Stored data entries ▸
■ ■ ■ ■ ■

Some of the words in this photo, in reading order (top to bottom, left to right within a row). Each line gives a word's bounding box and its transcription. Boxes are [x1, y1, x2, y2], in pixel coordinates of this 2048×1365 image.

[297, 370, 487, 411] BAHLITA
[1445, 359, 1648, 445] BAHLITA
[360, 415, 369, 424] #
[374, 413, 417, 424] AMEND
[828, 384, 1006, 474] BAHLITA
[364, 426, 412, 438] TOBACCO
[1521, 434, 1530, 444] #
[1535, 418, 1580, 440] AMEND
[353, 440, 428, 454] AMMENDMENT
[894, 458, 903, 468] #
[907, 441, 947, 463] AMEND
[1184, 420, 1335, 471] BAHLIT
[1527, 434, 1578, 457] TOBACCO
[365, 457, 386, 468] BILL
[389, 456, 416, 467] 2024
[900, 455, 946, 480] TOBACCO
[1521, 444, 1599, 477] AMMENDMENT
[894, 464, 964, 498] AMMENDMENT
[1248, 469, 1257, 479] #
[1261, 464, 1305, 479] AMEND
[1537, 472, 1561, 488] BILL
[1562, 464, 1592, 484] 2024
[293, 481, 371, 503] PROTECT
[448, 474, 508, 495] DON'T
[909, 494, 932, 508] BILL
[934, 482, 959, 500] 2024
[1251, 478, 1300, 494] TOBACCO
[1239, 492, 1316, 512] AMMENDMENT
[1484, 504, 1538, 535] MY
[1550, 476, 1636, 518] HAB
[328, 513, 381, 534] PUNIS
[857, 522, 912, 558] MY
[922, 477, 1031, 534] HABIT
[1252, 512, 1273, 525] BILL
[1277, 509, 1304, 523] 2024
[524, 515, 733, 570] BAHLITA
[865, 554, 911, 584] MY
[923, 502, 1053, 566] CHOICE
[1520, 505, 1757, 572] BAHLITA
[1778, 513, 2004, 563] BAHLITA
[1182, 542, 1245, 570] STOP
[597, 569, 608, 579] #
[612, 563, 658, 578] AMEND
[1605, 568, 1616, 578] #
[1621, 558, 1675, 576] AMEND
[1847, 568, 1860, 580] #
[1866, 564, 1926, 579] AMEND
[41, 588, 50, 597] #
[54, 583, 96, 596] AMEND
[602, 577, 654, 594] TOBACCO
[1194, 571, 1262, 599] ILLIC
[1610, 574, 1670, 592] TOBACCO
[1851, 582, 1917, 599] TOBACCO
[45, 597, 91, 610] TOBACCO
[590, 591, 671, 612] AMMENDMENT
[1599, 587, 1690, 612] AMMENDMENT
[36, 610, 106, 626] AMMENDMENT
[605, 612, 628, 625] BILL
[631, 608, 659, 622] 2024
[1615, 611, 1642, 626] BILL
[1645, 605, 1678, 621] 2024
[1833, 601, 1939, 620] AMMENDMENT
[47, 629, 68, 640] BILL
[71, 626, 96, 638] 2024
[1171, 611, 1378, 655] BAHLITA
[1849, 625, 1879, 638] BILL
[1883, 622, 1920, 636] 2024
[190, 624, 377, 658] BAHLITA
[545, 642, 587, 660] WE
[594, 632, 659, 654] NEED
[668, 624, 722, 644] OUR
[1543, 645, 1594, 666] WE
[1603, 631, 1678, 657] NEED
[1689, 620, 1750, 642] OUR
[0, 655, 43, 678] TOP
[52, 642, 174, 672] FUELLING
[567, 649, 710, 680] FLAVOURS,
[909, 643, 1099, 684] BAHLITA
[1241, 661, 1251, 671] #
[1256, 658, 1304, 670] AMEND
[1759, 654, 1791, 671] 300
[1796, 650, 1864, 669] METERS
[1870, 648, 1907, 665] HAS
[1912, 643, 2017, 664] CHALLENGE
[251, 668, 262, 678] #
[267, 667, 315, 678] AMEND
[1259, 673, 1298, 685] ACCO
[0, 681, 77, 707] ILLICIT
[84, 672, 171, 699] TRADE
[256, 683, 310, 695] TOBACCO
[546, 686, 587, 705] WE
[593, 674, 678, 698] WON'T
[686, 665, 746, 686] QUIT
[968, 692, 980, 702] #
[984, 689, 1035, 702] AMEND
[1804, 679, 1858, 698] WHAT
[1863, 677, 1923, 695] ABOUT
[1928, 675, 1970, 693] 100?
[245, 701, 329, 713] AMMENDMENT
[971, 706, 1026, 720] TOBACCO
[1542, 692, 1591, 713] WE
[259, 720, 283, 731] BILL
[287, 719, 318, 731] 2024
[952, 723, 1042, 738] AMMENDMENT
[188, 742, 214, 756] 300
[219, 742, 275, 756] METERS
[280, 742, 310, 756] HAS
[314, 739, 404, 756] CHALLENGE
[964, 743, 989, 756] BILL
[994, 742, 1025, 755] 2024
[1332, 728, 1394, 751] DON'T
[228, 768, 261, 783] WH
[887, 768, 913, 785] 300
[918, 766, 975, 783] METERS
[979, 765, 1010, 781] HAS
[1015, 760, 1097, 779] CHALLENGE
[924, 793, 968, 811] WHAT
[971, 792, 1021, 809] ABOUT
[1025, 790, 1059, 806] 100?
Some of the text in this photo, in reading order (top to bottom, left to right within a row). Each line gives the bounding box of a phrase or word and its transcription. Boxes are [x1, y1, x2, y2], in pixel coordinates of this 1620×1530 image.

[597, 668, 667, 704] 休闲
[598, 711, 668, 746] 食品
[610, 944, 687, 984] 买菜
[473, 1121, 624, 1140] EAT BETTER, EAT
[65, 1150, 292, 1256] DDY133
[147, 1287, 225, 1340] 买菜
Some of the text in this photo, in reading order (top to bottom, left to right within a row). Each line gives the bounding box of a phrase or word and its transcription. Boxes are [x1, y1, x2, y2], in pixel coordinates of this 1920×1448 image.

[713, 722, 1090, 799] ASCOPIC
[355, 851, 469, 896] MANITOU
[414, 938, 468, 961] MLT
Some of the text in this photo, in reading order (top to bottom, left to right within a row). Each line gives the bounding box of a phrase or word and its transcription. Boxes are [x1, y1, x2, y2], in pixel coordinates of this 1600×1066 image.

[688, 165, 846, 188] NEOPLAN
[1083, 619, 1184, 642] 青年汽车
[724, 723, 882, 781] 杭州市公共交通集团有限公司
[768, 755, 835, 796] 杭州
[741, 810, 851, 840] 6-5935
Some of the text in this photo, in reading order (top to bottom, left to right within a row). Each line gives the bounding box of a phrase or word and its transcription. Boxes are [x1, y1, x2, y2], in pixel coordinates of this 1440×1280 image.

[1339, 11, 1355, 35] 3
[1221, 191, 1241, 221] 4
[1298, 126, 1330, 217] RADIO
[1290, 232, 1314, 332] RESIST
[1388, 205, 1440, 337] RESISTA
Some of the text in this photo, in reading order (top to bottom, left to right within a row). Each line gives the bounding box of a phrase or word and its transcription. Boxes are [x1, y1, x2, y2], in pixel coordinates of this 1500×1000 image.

■ ■ ■ ■ ■

What this task involves ▸
Each record shown above must be printed once more, exactly.

Problem solution ▸
Some of the words in this photo, in reading order (top to bottom, left to right within a row). Each line gives a word's bounding box and its transcription. Boxes are [x1, y1, x2, y2], in pixel coordinates of this 2048×1365 image.

[297, 370, 487, 411] BAHLITA
[1445, 359, 1648, 445] BAHLITA
[360, 415, 369, 424] #
[374, 413, 417, 424] AMEND
[828, 384, 1006, 474] BAHLITA
[364, 426, 412, 438] TOBACCO
[1521, 434, 1530, 444] #
[1535, 418, 1580, 440] AMEND
[353, 440, 428, 454] AMMENDMENT
[894, 458, 903, 468] #
[907, 441, 947, 463] AMEND
[1184, 420, 1335, 471] BAHLIT
[1527, 434, 1578, 457] TOBACCO
[365, 457, 386, 468] BILL
[389, 456, 416, 467] 2024
[900, 455, 946, 480] TOBACCO
[1521, 444, 1599, 477] AMMENDMENT
[894, 464, 964, 498] AMMENDMENT
[1248, 469, 1257, 479] #
[1261, 464, 1305, 479] AMEND
[1537, 472, 1561, 488] BILL
[1562, 464, 1592, 484] 2024
[293, 481, 371, 503] PROTECT
[448, 474, 508, 495] DON'T
[909, 494, 932, 508] BILL
[934, 482, 959, 500] 2024
[1251, 478, 1300, 494] TOBACCO
[1239, 492, 1316, 512] AMMENDMENT
[1484, 504, 1538, 535] MY
[1550, 476, 1636, 518] HAB
[328, 513, 381, 534] PUNIS
[857, 522, 912, 558] MY
[922, 477, 1031, 534] HABIT
[1252, 512, 1273, 525] BILL
[1277, 509, 1304, 523] 2024
[524, 515, 733, 570] BAHLITA
[865, 554, 911, 584] MY
[923, 502, 1053, 566] CHOICE
[1520, 505, 1757, 572] BAHLITA
[1778, 513, 2004, 563] BAHLITA
[1182, 542, 1245, 570] STOP
[597, 569, 608, 579] #
[612, 563, 658, 578] AMEND
[1605, 568, 1616, 578] #
[1621, 558, 1675, 576] AMEND
[1847, 568, 1860, 580] #
[1866, 564, 1926, 579] AMEND
[41, 588, 50, 597] #
[54, 583, 96, 596] AMEND
[602, 577, 654, 594] TOBACCO
[1194, 571, 1262, 599] ILLIC
[1610, 574, 1670, 592] TOBACCO
[1851, 582, 1917, 599] TOBACCO
[45, 597, 91, 610] TOBACCO
[590, 591, 671, 612] AMMENDMENT
[1599, 587, 1690, 612] AMMENDMENT
[36, 610, 106, 626] AMMENDMENT
[605, 612, 628, 625] BILL
[631, 608, 659, 622] 2024
[1615, 611, 1642, 626] BILL
[1645, 605, 1678, 621] 2024
[1833, 601, 1939, 620] AMMENDMENT
[47, 629, 68, 640] BILL
[71, 626, 96, 638] 2024
[1171, 611, 1378, 655] BAHLITA
[1849, 625, 1879, 638] BILL
[1883, 622, 1920, 636] 2024
[190, 624, 377, 658] BAHLITA
[545, 642, 587, 660] WE
[594, 632, 659, 654] NEED
[668, 624, 722, 644] OUR
[1543, 645, 1594, 666] WE
[1603, 631, 1678, 657] NEED
[1689, 620, 1750, 642] OUR
[0, 655, 43, 678] TOP
[52, 642, 174, 672] FUELLING
[567, 649, 710, 680] FLAVOURS,
[909, 643, 1099, 684] BAHLITA
[1241, 661, 1251, 671] #
[1256, 658, 1304, 670] AMEND
[1759, 654, 1791, 671] 300
[1796, 650, 1864, 669] METERS
[1870, 648, 1907, 665] HAS
[1912, 643, 2017, 664] CHALLENGE
[251, 668, 262, 678] #
[267, 667, 315, 678] AMEND
[1259, 673, 1298, 685] ACCO
[0, 681, 77, 707] ILLICIT
[84, 672, 171, 699] TRADE
[256, 683, 310, 695] TOBACCO
[546, 686, 587, 705] WE
[593, 674, 678, 698] WON'T
[686, 665, 746, 686] QUIT
[968, 692, 980, 702] #
[984, 689, 1035, 702] AMEND
[1804, 679, 1858, 698] WHAT
[1863, 677, 1923, 695] ABOUT
[1928, 675, 1970, 693] 100?
[245, 701, 329, 713] AMMENDMENT
[971, 706, 1026, 720] TOBACCO
[1542, 692, 1591, 713] WE
[259, 720, 283, 731] BILL
[287, 719, 318, 731] 2024
[952, 723, 1042, 738] AMMENDMENT
[188, 742, 214, 756] 300
[219, 742, 275, 756] METERS
[280, 742, 310, 756] HAS
[314, 739, 404, 756] CHALLENGE
[964, 743, 989, 756] BILL
[994, 742, 1025, 755] 2024
[1332, 728, 1394, 751] DON'T
[228, 768, 261, 783] WH
[887, 768, 913, 785] 300
[918, 766, 975, 783] METERS
[979, 765, 1010, 781] HAS
[1015, 760, 1097, 779] CHALLENGE
[924, 793, 968, 811] WHAT
[971, 792, 1021, 809] ABOUT
[1025, 790, 1059, 806] 100?
Some of the text in this photo, in reading order (top to bottom, left to right within a row). Each line gives the bounding box of a phrase or word and its transcription. Boxes are [x1, y1, x2, y2], in pixel coordinates of this 1620×1530 image.

[597, 668, 667, 704] 休闲
[598, 711, 668, 746] 食品
[610, 944, 687, 984] 买菜
[473, 1121, 624, 1140] EAT BETTER, EAT
[65, 1150, 292, 1256] DDY133
[147, 1287, 225, 1340] 买菜
Some of the text in this photo, in reading order (top to bottom, left to right within a row). Each line gives the bounding box of a phrase or word and its transcription. Boxes are [x1, y1, x2, y2], in pixel coordinates of this 1920×1448 image.

[713, 722, 1090, 799] ASCOPIC
[355, 851, 469, 896] MANITOU
[414, 938, 468, 961] MLT
Some of the text in this photo, in reading order (top to bottom, left to right within a row). Each line gives the bounding box of a phrase or word and its transcription. Boxes are [x1, y1, x2, y2], in pixel coordinates of this 1600×1066 image.

[688, 165, 846, 188] NEOPLAN
[1083, 619, 1184, 642] 青年汽车
[724, 723, 882, 781] 杭州市公共交通集团有限公司
[768, 755, 835, 796] 杭州
[741, 810, 851, 840] 6-5935
Some of the text in this photo, in reading order (top to bottom, left to right within a row). Each line gives the bounding box of a phrase or word and its transcription. Boxes are [x1, y1, x2, y2], in pixel coordinates of this 1440×1280 image.

[1339, 11, 1355, 35] 3
[1221, 191, 1241, 221] 4
[1298, 126, 1330, 217] RADIO
[1290, 232, 1314, 332] RESIST
[1388, 205, 1440, 337] RESISTA
Some of the text in this photo, in reading order (top to bottom, left to right within a row). Each line gives the bounding box of a phrase or word and its transcription. Boxes are [x1, y1, x2, y2], in pixel coordinates of this 1500×1000 image.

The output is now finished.